— Assignment —
Please retype the entries below word for word, passing over every picture.

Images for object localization
[Start of section]
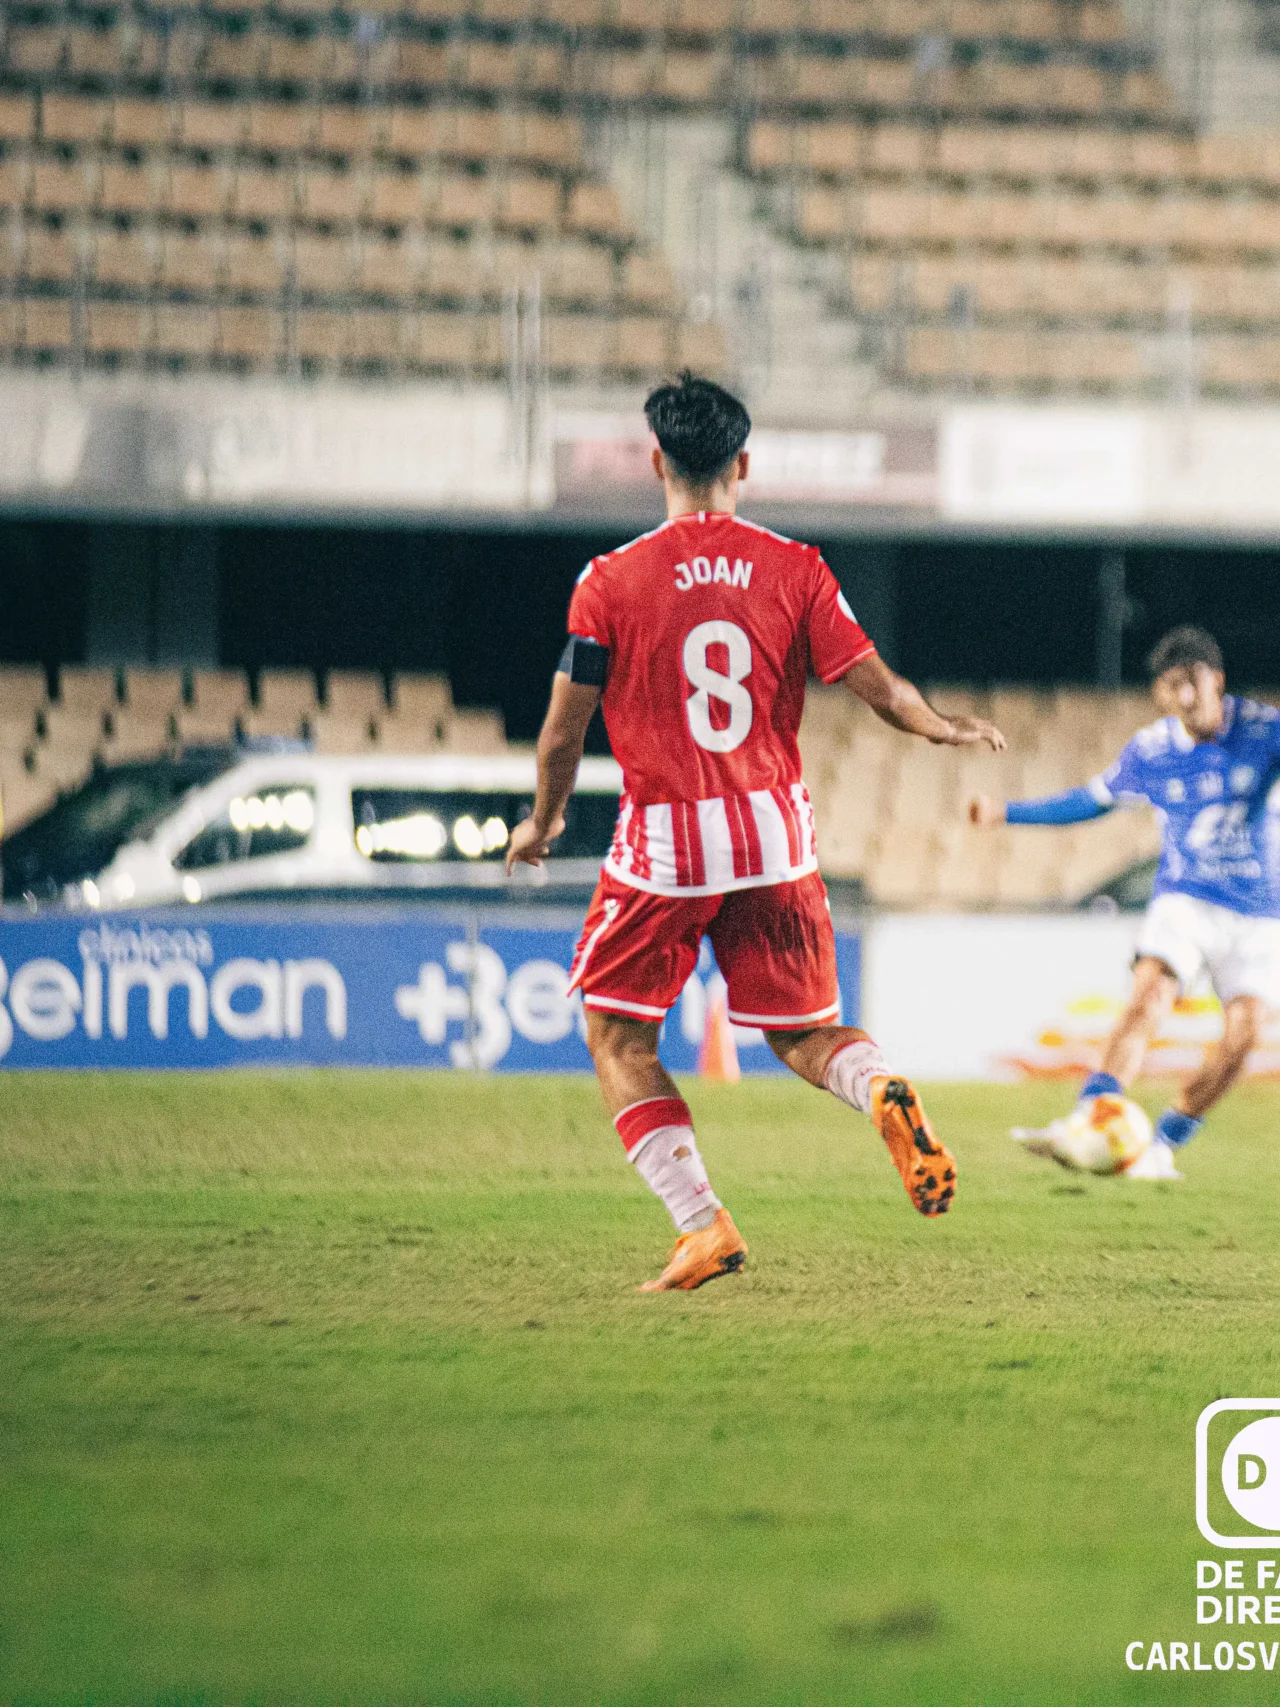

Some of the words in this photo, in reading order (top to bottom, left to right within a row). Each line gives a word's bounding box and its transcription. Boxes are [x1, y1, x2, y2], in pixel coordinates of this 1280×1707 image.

[674, 555, 754, 592] JOAN
[682, 618, 753, 754] 8
[0, 948, 348, 1062] elman
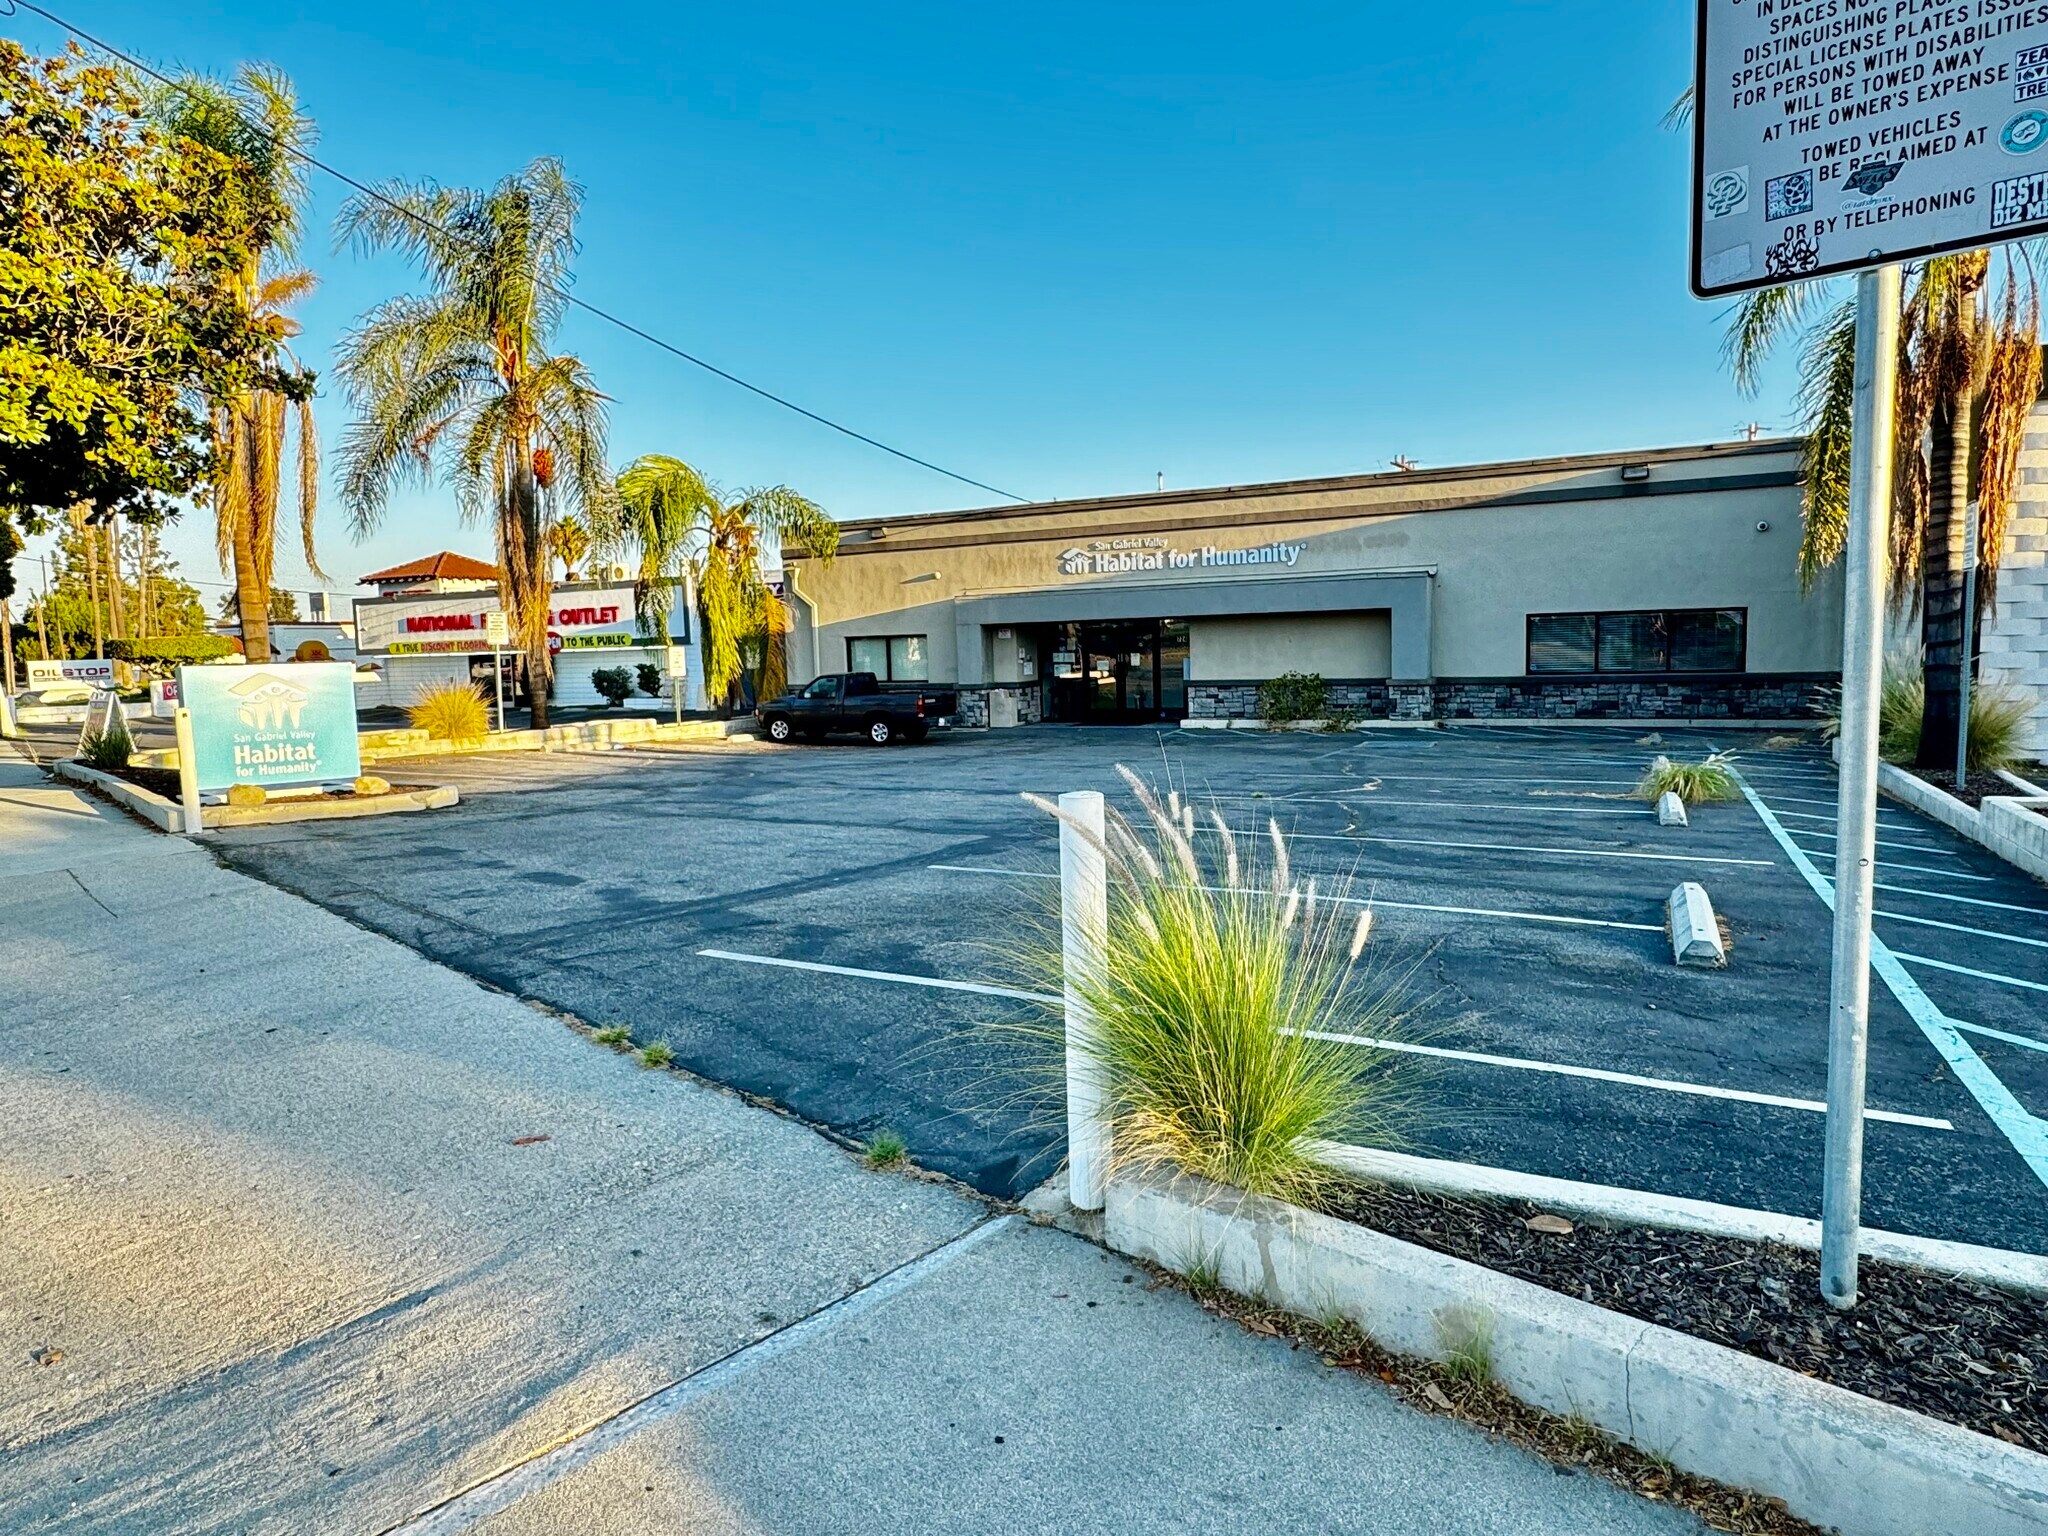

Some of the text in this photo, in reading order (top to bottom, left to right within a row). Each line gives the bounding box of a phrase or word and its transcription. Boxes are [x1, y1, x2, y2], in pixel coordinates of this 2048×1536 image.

[1757, 0, 1773, 18] IN
[1769, 0, 1838, 35] SPACES
[1732, 55, 1804, 88] SPECIAL
[1810, 29, 1887, 66] LICENSE
[1895, 5, 1969, 41] PLATES
[1744, 7, 1888, 64] DISTINGUISHING
[1733, 5, 2048, 109] FOR PERSONS WITH DISABILITIES
[1784, 46, 1985, 116] WILL BE TOWED AWAY
[1762, 62, 2009, 143] AT THE OWNER'S EXPENSE
[1801, 110, 1961, 164] TOWED VEHICLES
[1819, 161, 1842, 182] BE
[1963, 126, 1988, 148] AT
[1784, 224, 1807, 242] OR
[1814, 216, 1838, 236] BY
[1844, 186, 1976, 230] TELEPHONING
[1095, 538, 1169, 551] San Gabriel Valley
[1095, 550, 1164, 573] Habitat
[1168, 549, 1198, 569] for
[406, 613, 475, 633] NATIONAL
[559, 606, 619, 625] OUTLET
[402, 643, 419, 653] TRUE
[420, 641, 455, 653] DISCOUNT
[566, 637, 577, 646] TO
[580, 636, 594, 646] THE
[597, 635, 626, 646] PUBLIC
[233, 730, 315, 743] San Gabriel Valley
[233, 742, 316, 765] Habitat
[236, 766, 255, 777] for
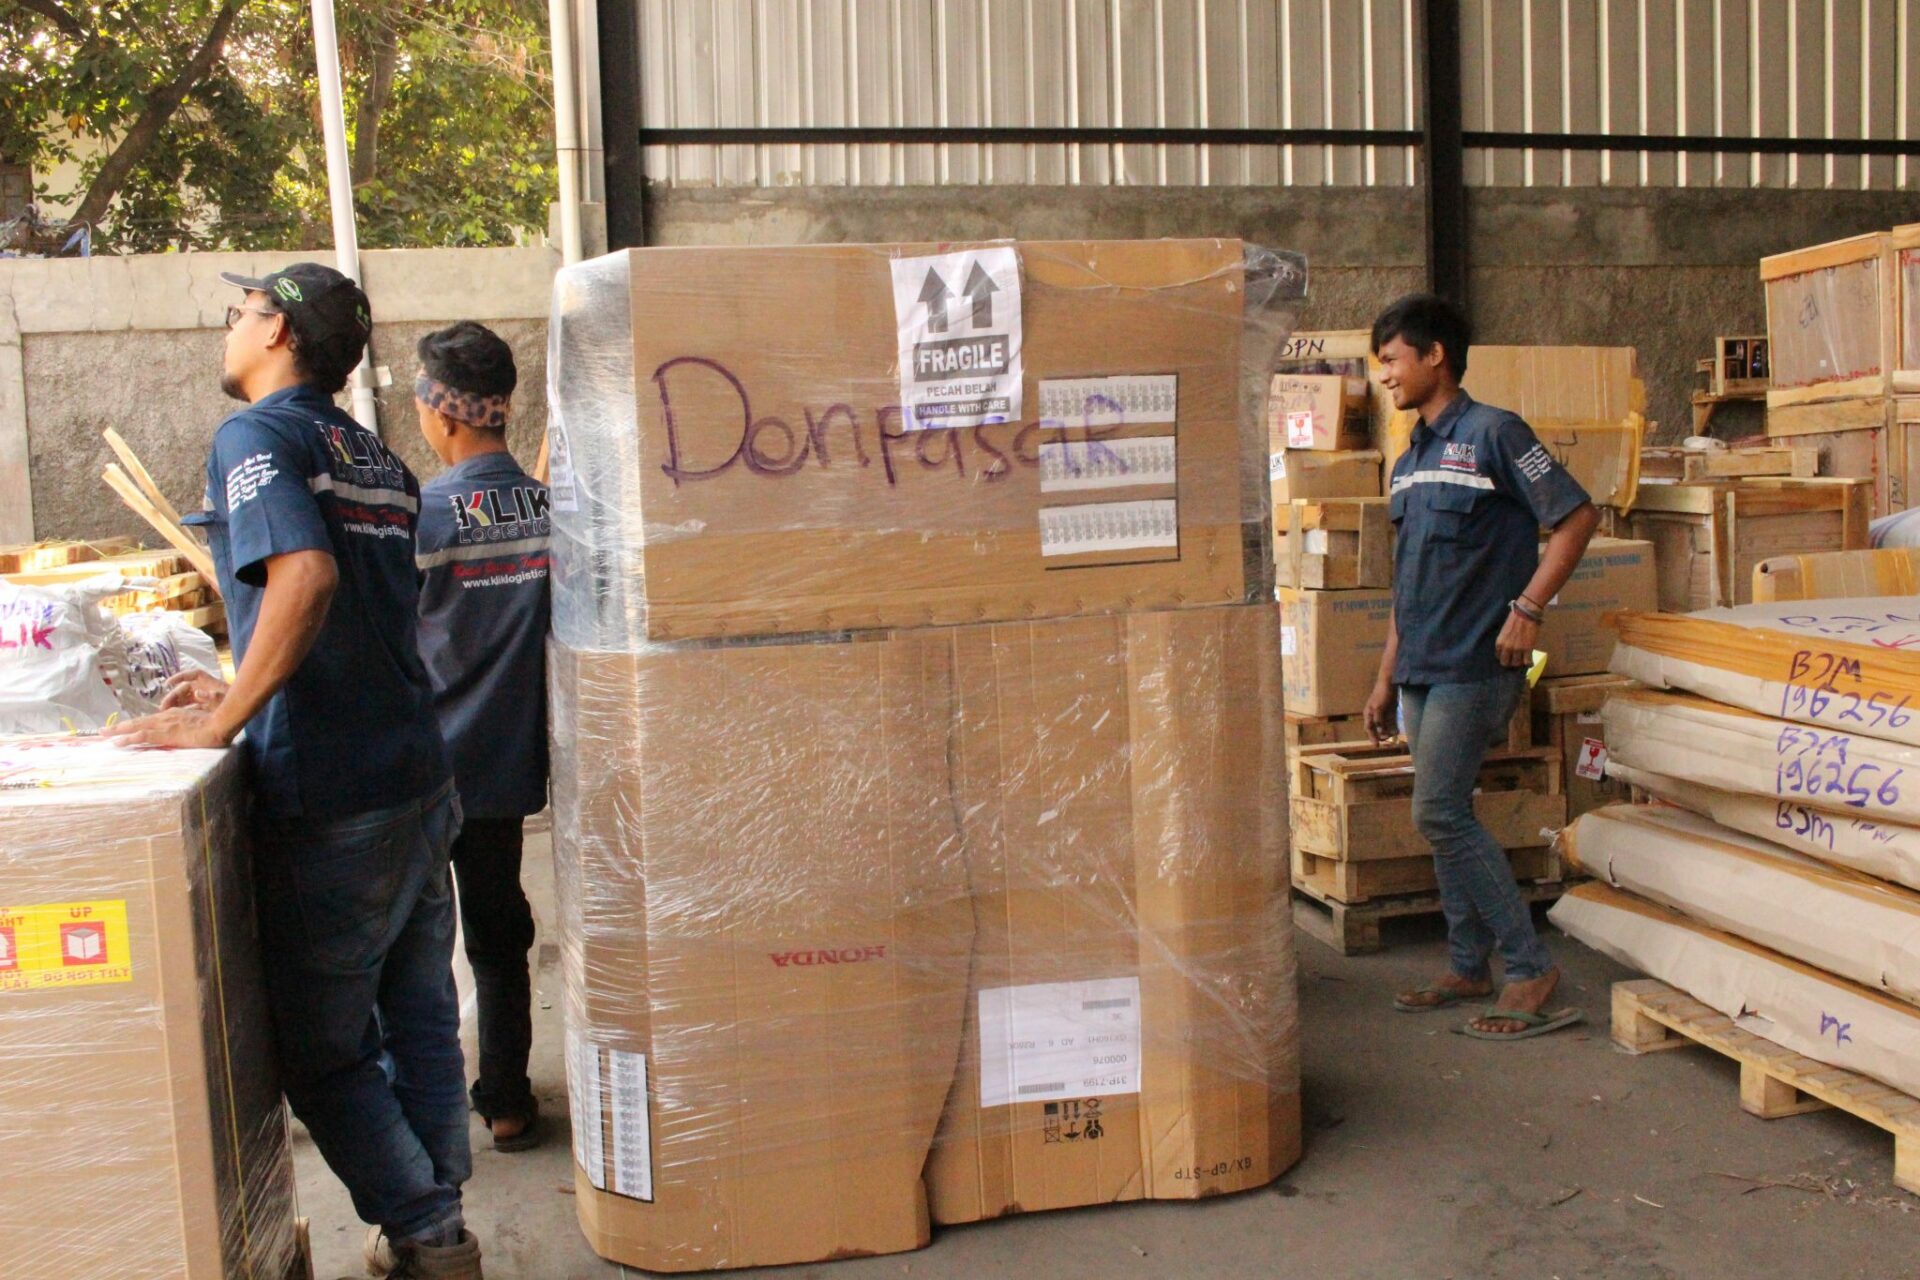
[End of section]
— Solution below —
Some of the words in this photo, in reading order (top to bottom, left to right within a row). Each line gives a word's bounding box and its transcription. Boxes are [x1, y1, x2, y2], in pixel coordinates of this 1280×1707 image.

[674, 555, 754, 592] JOAN
[682, 618, 753, 754] 8
[0, 948, 348, 1062] elman

Some of the text in this photo, in reading order (top to bottom, left to right within a row). Each line gives the bounding box of a phrase or word and its transcription. Boxes are [x1, y1, x2, y2], in pixel coordinates of this 2048×1536 image.

[1757, 0, 1773, 18] IN
[1769, 0, 1838, 35] SPACES
[1732, 55, 1804, 88] SPECIAL
[1810, 29, 1887, 66] LICENSE
[1895, 5, 1969, 41] PLATES
[1744, 7, 1888, 64] DISTINGUISHING
[1733, 5, 2048, 109] FOR PERSONS WITH DISABILITIES
[1784, 46, 1985, 116] WILL BE TOWED AWAY
[1762, 62, 2009, 143] AT THE OWNER'S EXPENSE
[1801, 110, 1961, 164] TOWED VEHICLES
[1819, 161, 1842, 182] BE
[1963, 126, 1988, 148] AT
[1784, 224, 1807, 242] OR
[1814, 216, 1838, 236] BY
[1844, 186, 1976, 230] TELEPHONING
[1095, 538, 1169, 551] San Gabriel Valley
[1095, 550, 1164, 573] Habitat
[1168, 549, 1198, 569] for
[406, 613, 475, 633] NATIONAL
[559, 606, 619, 625] OUTLET
[402, 643, 419, 653] TRUE
[420, 641, 455, 653] DISCOUNT
[566, 637, 577, 646] TO
[580, 636, 594, 646] THE
[597, 635, 626, 646] PUBLIC
[233, 730, 315, 743] San Gabriel Valley
[233, 742, 316, 765] Habitat
[236, 766, 255, 777] for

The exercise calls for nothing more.